Esprit critique ou suspicion ?
L'exercice de l'esprit critique n'est pas l'instillation de la suspicion systématique, de la dénégation.
La pratique du doute est un exercice exigeant pour soi-même, où la volonté de faire avancer le savoir prime sur la volonté de gagner sur son interlocuteur. La recherche de la vérité n'est pas un champ de bataille mais une démarche permanente et sereine où le respect du travail est une condition majeure de l'évolution.
La science transformée en opinion.
Or, une nouvelle pratique court les colonnes des réseaux sociaux et tient lieu de réflexion. Plutôt que de soutenir la recherche, elle consiste à faire pression sur le politique et le corps médical pour faire prévaloir une thèse sur une autre, à la manière d'une campagne électorale.

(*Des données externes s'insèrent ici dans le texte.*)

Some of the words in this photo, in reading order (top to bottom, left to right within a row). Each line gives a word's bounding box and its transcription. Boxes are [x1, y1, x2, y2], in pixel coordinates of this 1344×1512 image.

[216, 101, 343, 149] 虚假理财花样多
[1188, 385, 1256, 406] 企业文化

Ainsi de l'hydroxychloroquine et de son autorisation de prescription. En quelques jours, les réseaux se sont tapissés de nouveaux spécialistes en virologie, devenus experts en quelques heures et qui s'estiment sans aucun doute en capacité de prendre immédiatement partie. On remarquera d'ailleurs que c'est pour se ranger du coté de celui des médecins qui apparait comme le plus anti-système. Certains "soutiens" n'hésitent d'ailleurs pas à flirter avec le complotisme, à faire circuler des fake-news (faux décret d'interdiction, rumeur d'expulsion de France, etc.)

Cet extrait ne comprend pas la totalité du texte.